··· DATA PROVIDED
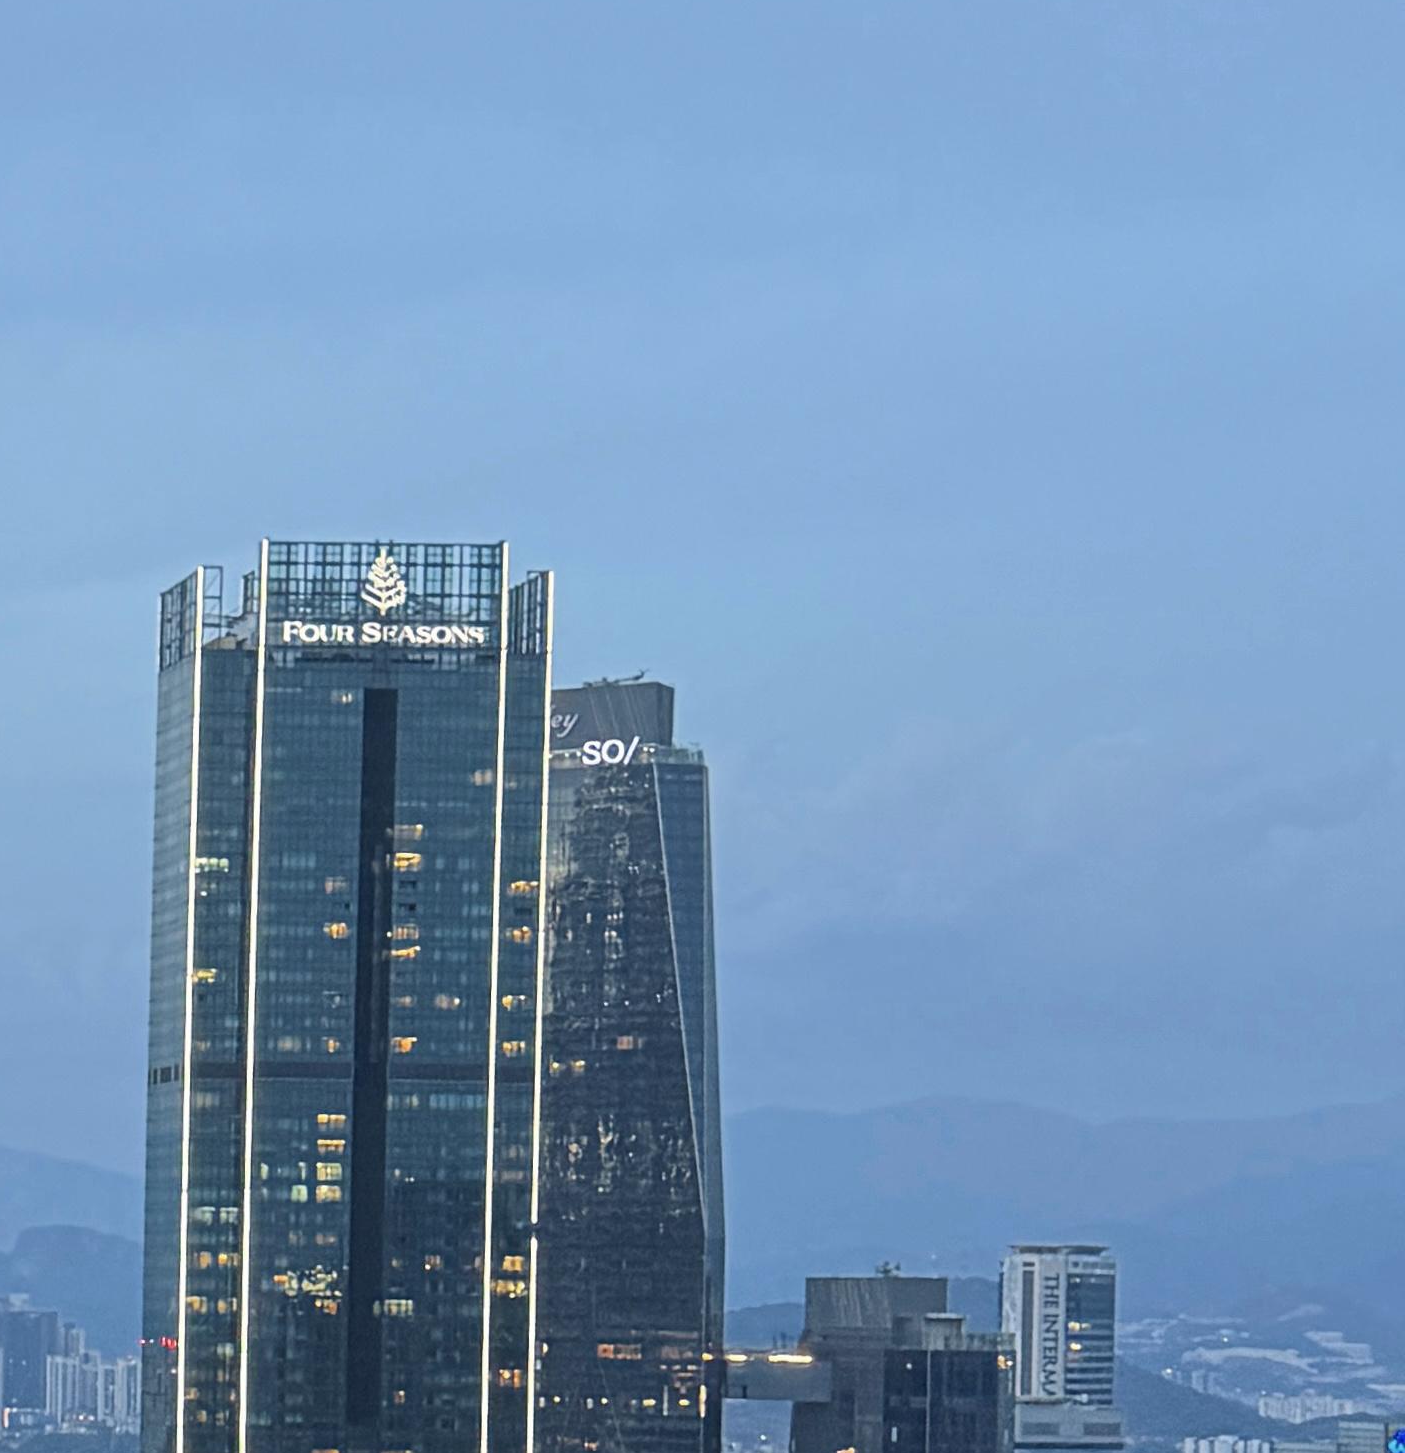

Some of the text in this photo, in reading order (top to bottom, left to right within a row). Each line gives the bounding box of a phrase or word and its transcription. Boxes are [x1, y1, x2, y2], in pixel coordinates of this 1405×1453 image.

[283, 620, 484, 644] FOUR SEASONS
[550, 704, 579, 738] ey
[1042, 1273, 1060, 1309] THE
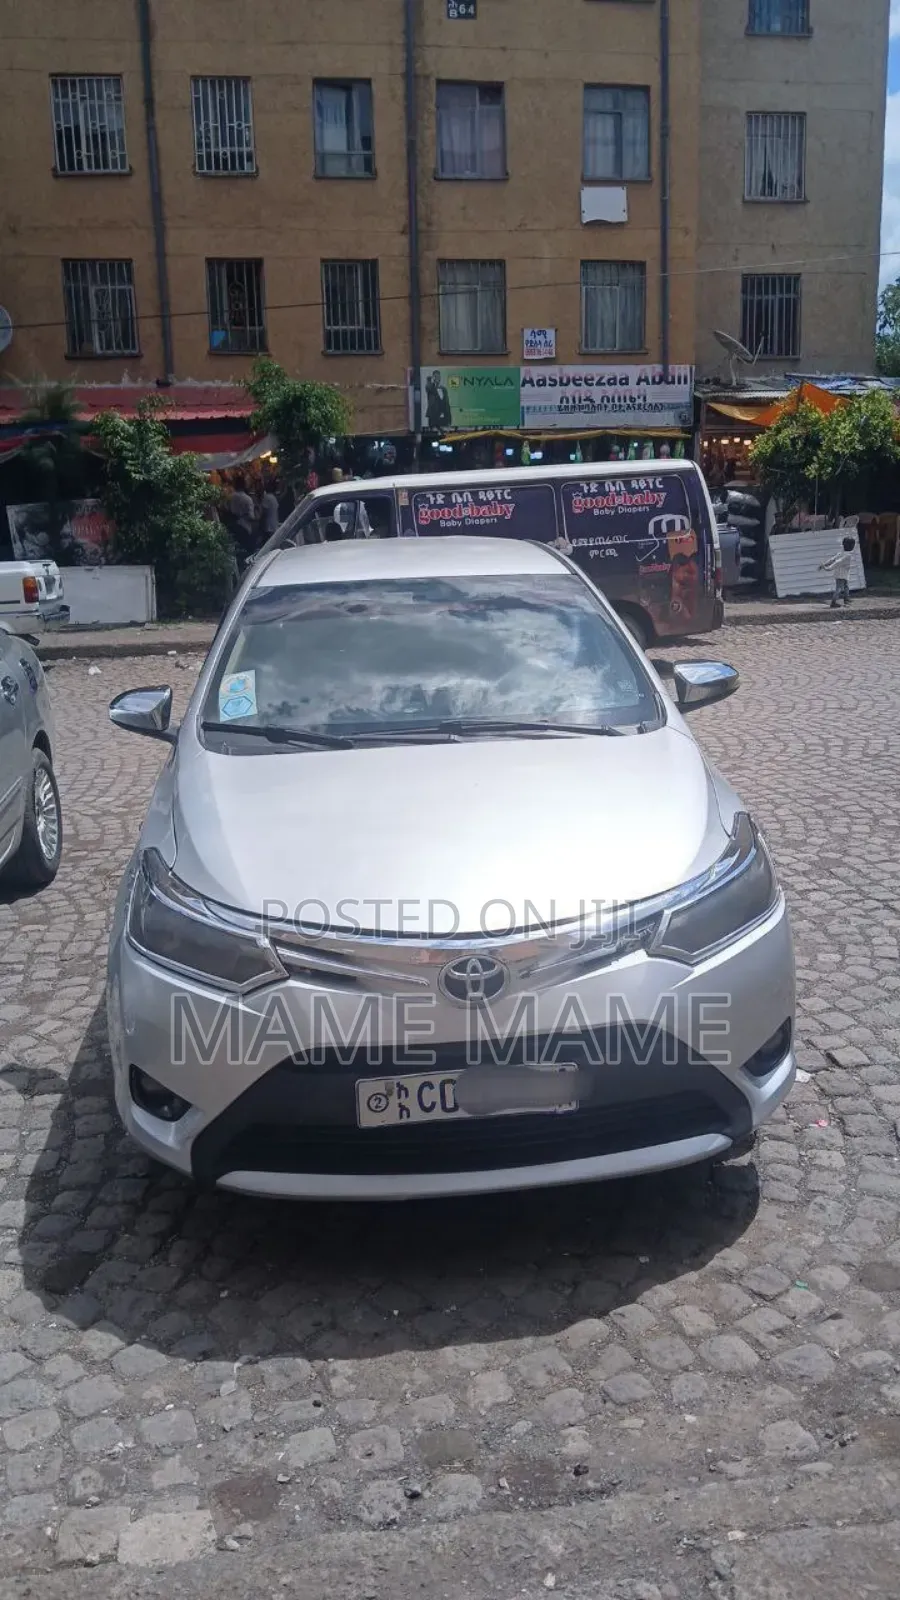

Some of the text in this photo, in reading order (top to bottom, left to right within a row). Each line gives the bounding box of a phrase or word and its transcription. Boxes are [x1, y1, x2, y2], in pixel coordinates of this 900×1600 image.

[463, 375, 514, 387] NYALA
[521, 367, 630, 388] Aasbeezaa
[593, 506, 650, 516] Baby Diapers
[440, 517, 498, 528] Baby Diapers
······
ABOUT THIS TASK –
Only the pictures are to be omitted; the records above must otherwise be reproduced exactly.

RESULT OF THIS TASK –
Some of the text in this photo, in reading order (top to bottom, left to right within a row). Each line gives the bounding box of a phrase or word and its transcription. Boxes are [x1, y1, x2, y2], in pixel coordinates of this 1405×1453 image.

[283, 620, 484, 644] FOUR SEASONS
[550, 704, 579, 738] ey
[1042, 1273, 1060, 1309] THE

Some of the text in this photo, in reading order (top to bottom, left to right within a row). Each line gives the bounding box of a phrase or word and its transcription. Boxes are [x1, y1, x2, y2], in pixel coordinates of this 900×1600 image.

[463, 375, 514, 387] NYALA
[521, 367, 630, 388] Aasbeezaa
[593, 506, 650, 516] Baby Diapers
[440, 517, 498, 528] Baby Diapers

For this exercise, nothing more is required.